Texas Republicans are trying to sell school choice measures, but rural conservatives aren’t buying

Central Texas Christian School in Temple, Texas, one of about 900 accredited private schools in the state serving about 250,000 students, is an accredited member of the Association of Christian Schools International. The only interdenominational private school in the county, its mission is to educate students by inspiring a Godly character and integrity in life’s pursuits.

Editor’s note: This article appeared last week on texastribuneorg.

As a Texas school superintendent, Adrain Johnson is no stranger to the struggles small, rural public schools face, from trying to recruit teachers, especially after more than two years of navigating school during a global pandemic, to a general lack of resources. And now, after the school shooting in Uvalde, there’s a renewed conversation about campus security.

With so many problems to solve, Johnson, who oversees the Hearne Independent School District northwest of College Station, doesn’t understand why state lawmakers’ to-do lists heading into next year’s legislative session seem to focus more on school choice over something like school safety.

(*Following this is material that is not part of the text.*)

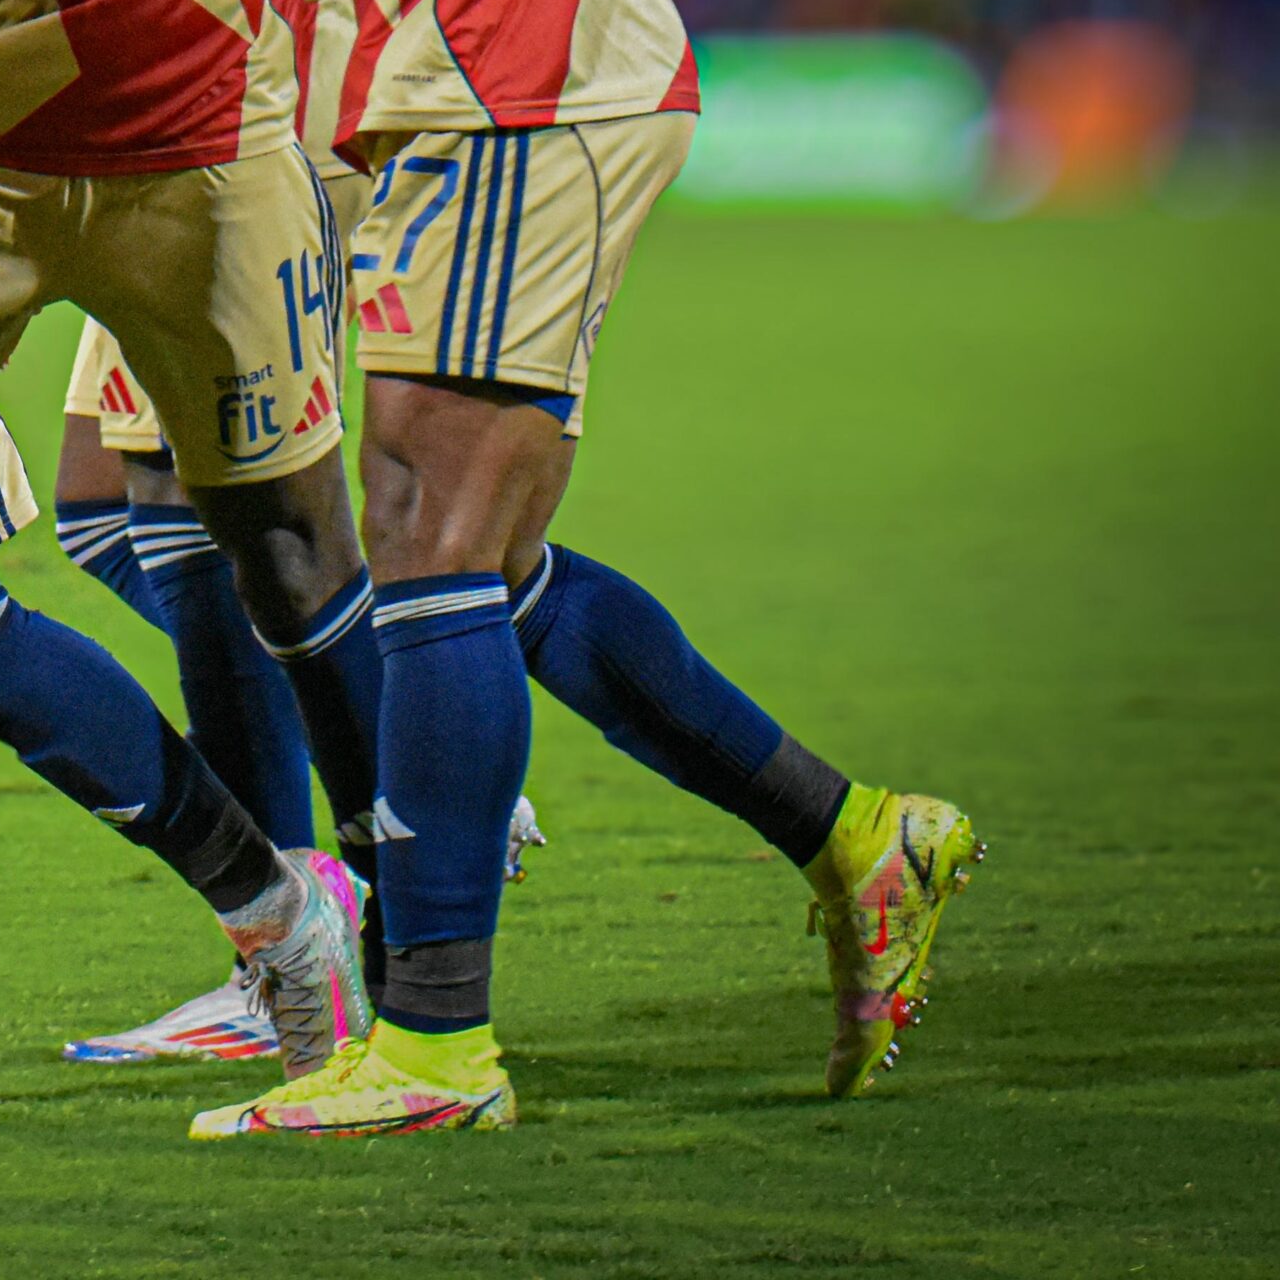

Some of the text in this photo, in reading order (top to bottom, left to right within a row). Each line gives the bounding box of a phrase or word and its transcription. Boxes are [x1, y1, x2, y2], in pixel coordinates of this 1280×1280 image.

[276, 248, 331, 373] 14
[214, 363, 274, 389] smart
[217, 391, 281, 446] fit

“There always seems to be a school choice debate every legislative year, and I’m not afraid of that. I think that debating is good. That’s part of democracy,” Johnson said.

But he also wonders why public schools always take a back seat to the pursuit of policies that could diminish them.

“Why not make it imperative to support the local school district?” he said.

Instead, from where he stands, the talk in Austin is already focused on school choice, the broad term applied to a host of taxpayer-funded alternatives to sending a child to the local public school.